*** Opening Task inputs ***

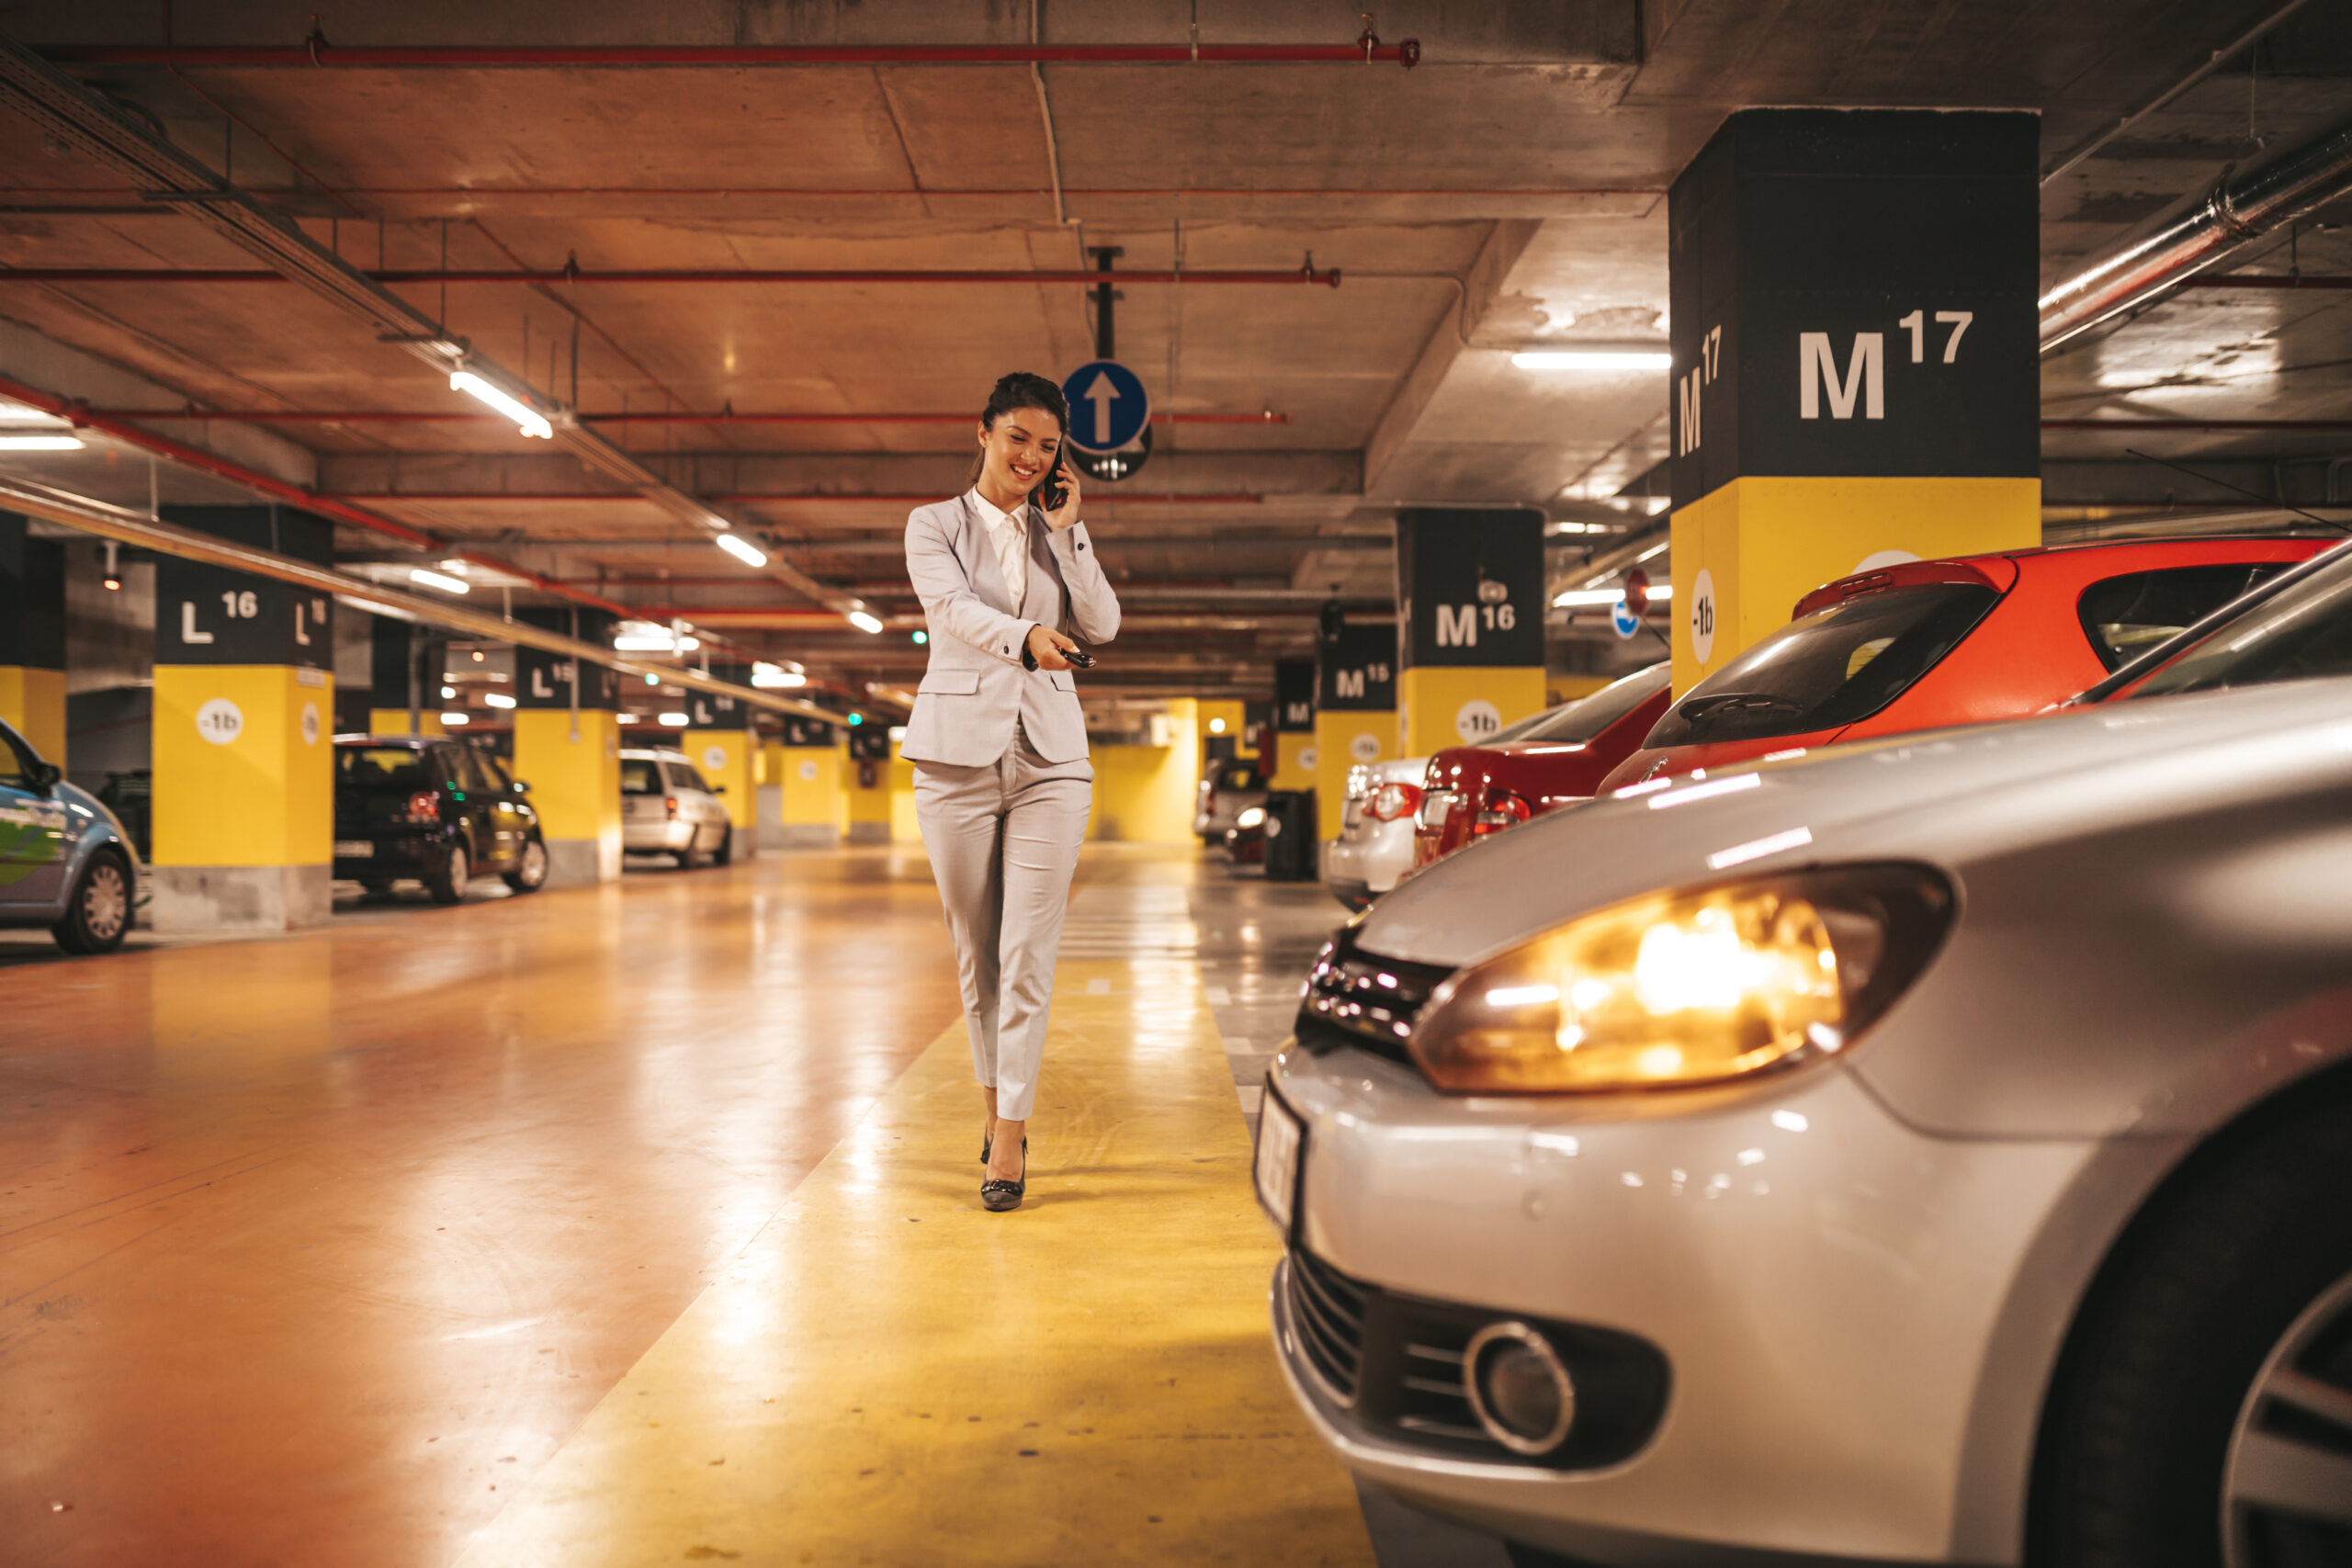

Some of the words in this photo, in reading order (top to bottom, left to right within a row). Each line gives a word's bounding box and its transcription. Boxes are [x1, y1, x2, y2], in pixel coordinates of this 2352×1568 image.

[1680, 324, 1722, 457] M17
[1799, 310, 1973, 420] M17
[182, 591, 258, 644] L16
[1436, 604, 1516, 647] M16
[1692, 595, 1713, 636] -1b
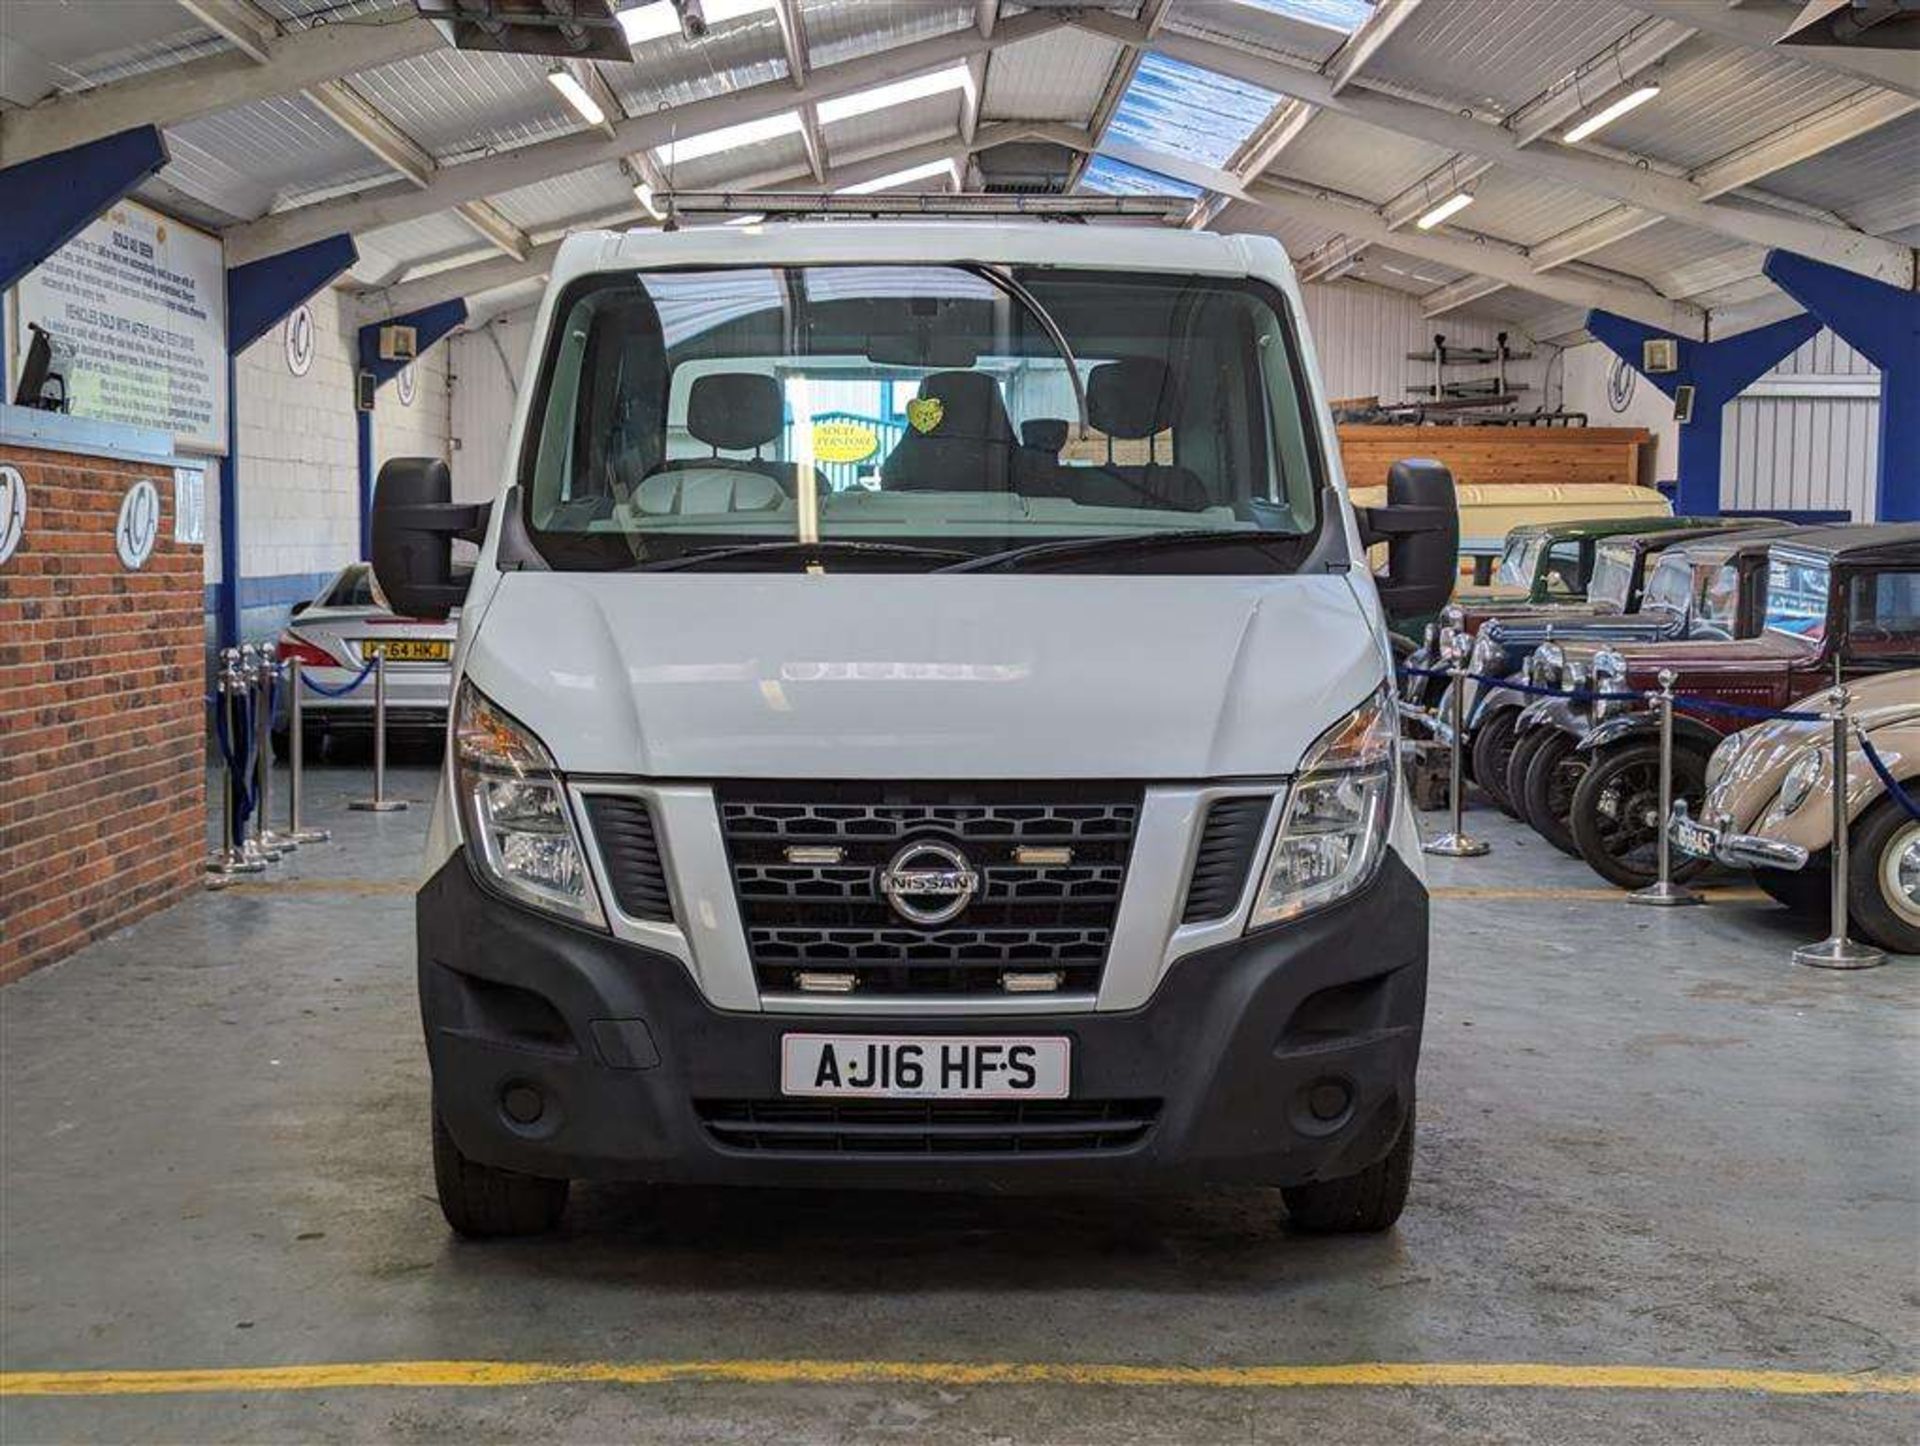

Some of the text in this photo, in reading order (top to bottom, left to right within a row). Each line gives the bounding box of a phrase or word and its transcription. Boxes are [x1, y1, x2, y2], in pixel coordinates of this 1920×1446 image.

*** Closing Task inputs ***

The answer should be the records above, unchanged, with the pictures omitted.

Some of the words in this photo, in reading order (top to bottom, left to right within a row). Each line gives a word's bounding box and its transcription. Boxes are [x1, y1, x2, y2], in pixel coordinates of this 2352×1568 image.

[1680, 324, 1722, 457] M17
[1799, 310, 1973, 420] M17
[182, 591, 258, 644] L16
[1436, 604, 1516, 647] M16
[1692, 595, 1713, 636] -1b

Some of the text in this photo, in reading order (top to bottom, left to right within a row). Each line gives the bounding box of a phrase or word and its transcription. Boxes are [x1, y1, x2, y2], in pixel coordinates of this 1920×1446 image.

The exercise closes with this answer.